Потом провёл по резной же лестнице к себе в кабинет.
Девушки в национальных одеждах стали подносить на стол угощение: сначала бешбармак — девушки поставили на стол огромное блюдо, где в густом бульоне плавал огромный кусок баранины и кусочки теста. Хозяин тут же разрезал мясо ножом и раздал всем по куску с костью. Потом внесли голову барана, которую Абиджамил торжественно вручил Александру. Тот, не дрогнув, отрезал уши, передал Максиму. Тот брезгливо взял уши и положил их на стол. Затем Алекс согнутым пальцем вырвал из бараньей пасти нёбо и протянул его Николь. Та слегка позеленела, но взяла нёбо в рот и стала вяло жевать. Абиджамил сиял: принял гостей как подобает!
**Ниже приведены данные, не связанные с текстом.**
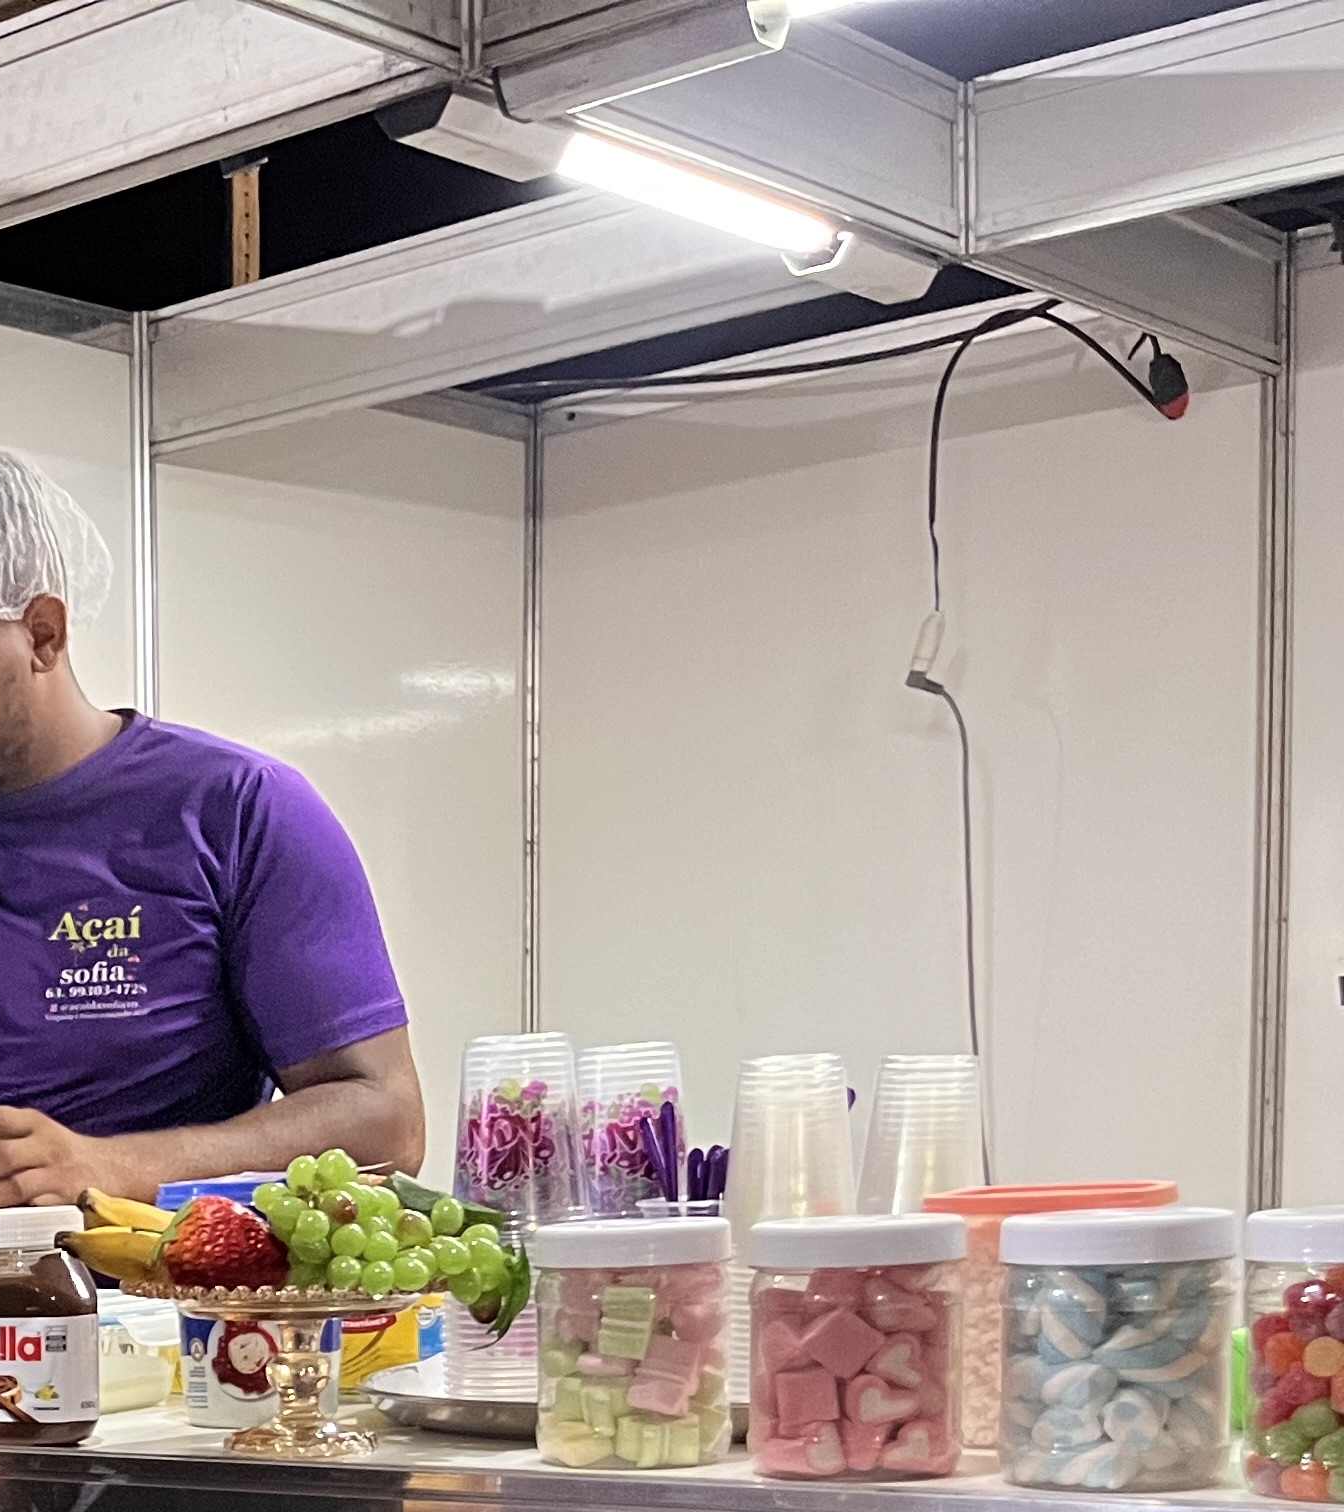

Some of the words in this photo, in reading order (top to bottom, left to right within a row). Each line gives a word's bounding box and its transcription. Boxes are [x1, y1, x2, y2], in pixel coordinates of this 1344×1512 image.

Тут Максим скрипучим своим голосом произнёс: не думает ли Абиджамил, что этим угощением снял все проблемы и острые вопросы, которые существуют на его родине? Абиджамил, изумившись, сказал, что, конечно же, так не думает, хотя на самом деле именно так и думал.
Тут подали рыбу хе и мясо хе, но Максим демонстративно отодвинул глубокие пиалы и вынул блокнот. Сначала он спросил о главном: что министр думает о наступлении исламизма и национальной розни? Абиджамил ответил, что ничего этого нет — и горькая, уже привычная складка определилась в углу рта Максима. Мы осторожно, стараясь не издать звука, сосали и грызли мясо и рыбу... Неужели Максим думает, что именно сейчас и именно вот таким образом он защищает права людей! А мы кто? Мусор? А министр кто?
Максим, уже устало, скептически спросил о культуре: хотя это и был вопрос, который касался нашего хозяина. Тот долго говорил о театрах, институтах и техникумах, а Максим с усталой, всё той же скептической усмешкой смотрел на синий татуированный якорек на запястье министра — мол, разве бывают министры культуры с якорьком?.. Представьте себе — бывают!
Мы бесшумно выпили чаю с лепешками и стали откланиваться — праздник испорчен. Только Максим горделиво поблёскивал стекляшками: он приехал сюда не обжираться, он приехал докопаться до истины, как бы глубоко она ни была. А разве истина — глубоко?
Расстроенный хозяин, не зная, что придумать ещё, предложил нам посетить музей казахских национальных инструментов.
— Да вы заняты, наверное? — застеснялась я.
— Нет, нет! — радостно вскричал Абиджамил.
Мы переходили широкую современную улицу. Наверное, Максим мог бы гордиться ею, если бы вырос в степи, а не приехал из Парижа. Но он, увы, приехал.
Было по-прежнему холодно и туманно, и лишь ярко-голубой казахский флаг над министерством веселил глаз.
В музее пахло воском и еще чем-то, было сумрачно и пусто. Только в ярко освещённых стеклянных шкафах весёлые куклы-казахи справляли национальные праздники. В плоских стеклянных витринах висели инструменты: хобыз-домбра, адырна (на адырне играли только девушки), труба-керней, трубящая тревогу: выдолбленный ствол вставлялся в высушенную верблюжью гортань. Абиджамил подходил к витрине, важно нажимал кнопку — и тут же на все помещение раздавался записанный на пленку щиплющий или воющий звук именно этого инструмента.
— В прошлом году сделали! — гордо сказал Абиджамил.
Вообще, как я заметила, это было колоссальной сенсацией, что сам замминистра вёл экскурсию как простой экскурсовод — это сопровождалось восхищенными перешептываниями сбежавшегося персонала, скромным сиянием личности самого Абиджамила... Но, вообще-то, надо отметить, это всё скорее было сенсацией местного значения — мы достойным образом не могли оценить этого, а Максим вообще демонстративно покинул группу и следил своими говнодавами отдельно от всех. Единственное, что вдруг вызвало его интерес, — дверца в стене с надписью «Газ». Очки его засверкали, он подтащил к дверце женщину-директора музея и стал спрашивать: «Что это?» Женщина коротко ответила, что время от времени для дезинфекции инструментов всё помещение заполняется газом. «Вы удовлетворены?» После этого она вернулась к обожаемому заместителю министра и больше не спускала с него восхищённых глаз.
Александр тоже с восхищением следил за объяснениями своего друга:
— ...Ардак жатыген — семь струн, купол обвешан колокольцами. Асатаяк, бакса. Вот казахская гармошка — сырнай. А вот портрет — знаменитый Мырзатай — поэт, композитор и акробат. Во время народных праздников на полном скаку въезжал в селение, стоя в седле на голове и играя на сырнае!
Веселый старик!
— Орёл! — воскликнул Алекс.
Максим горько усмехнулся: мол, представляю, что можно сыграть, стоя на голове!